Impacts of Technology on Human Capital

Impacts of Technology on Human Capital
This entry is part 3 of 4 in the series Information Technology Revolution

The globalization of the world’s economic systems and the rapid integration of information and communication technologies in the workplace have significantly altered job content and skills requirements for the workforce. In the nineteenth century, capital equipment was seen as the single decisive factor driving economic growth while knowledge and skills only played a supporting role. In this economic era, economic prosperity depends on brains rather than brawn.

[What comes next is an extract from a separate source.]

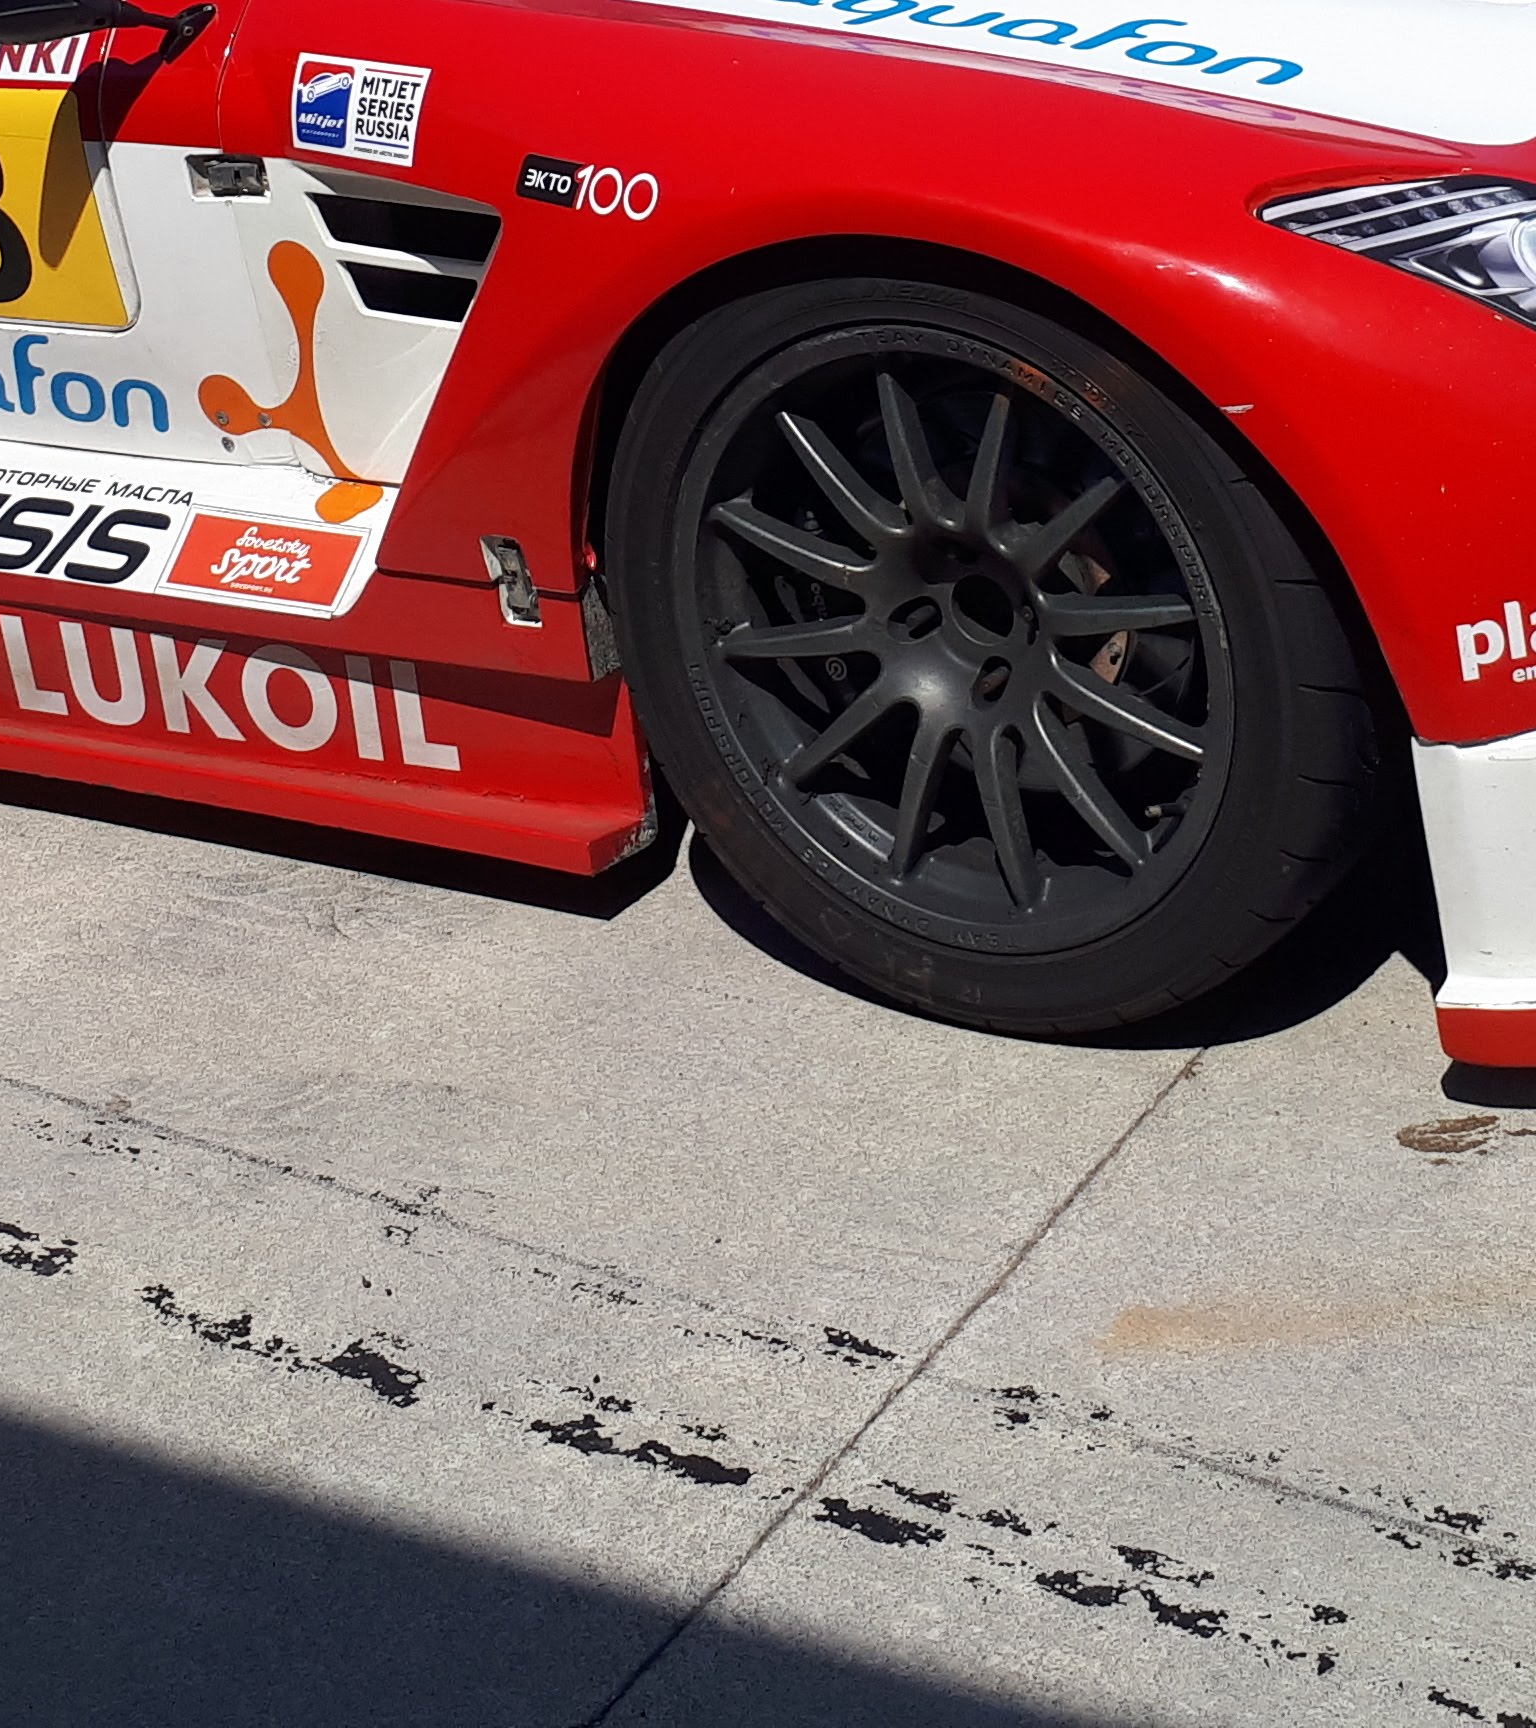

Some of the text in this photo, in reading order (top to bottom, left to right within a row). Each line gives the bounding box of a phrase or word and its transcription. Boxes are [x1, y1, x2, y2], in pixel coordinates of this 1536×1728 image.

This transformation from a world largely dominated by physical resources to a world dominated by knowledge, implies a shift in the focus of economic power as profound as that which occurred at the time of the Industrial Revolution. The perception of the role of human intervention in economic transactions has also changed (Chinien, Moratis, Boutin, & Baalen, 2002). There is an emerging consensus that the “focus is shifting from appreciation of physical labour and the ability to coordinate and regulate to the ability to contribute to knowledge generation and application” (Keursten & Kessels, 2002, p. 1).

Human capital – defined as knowledge, skills, competencies, and capabilities that individuals acquire during their life to produce goods, services, or ideas – is not only beneficial to the well-being of the worker, but is also viewed as a competitive resource that gives a comparative advantage to a company. Human capital is also a key element in ascertaining a country’s national prosperity.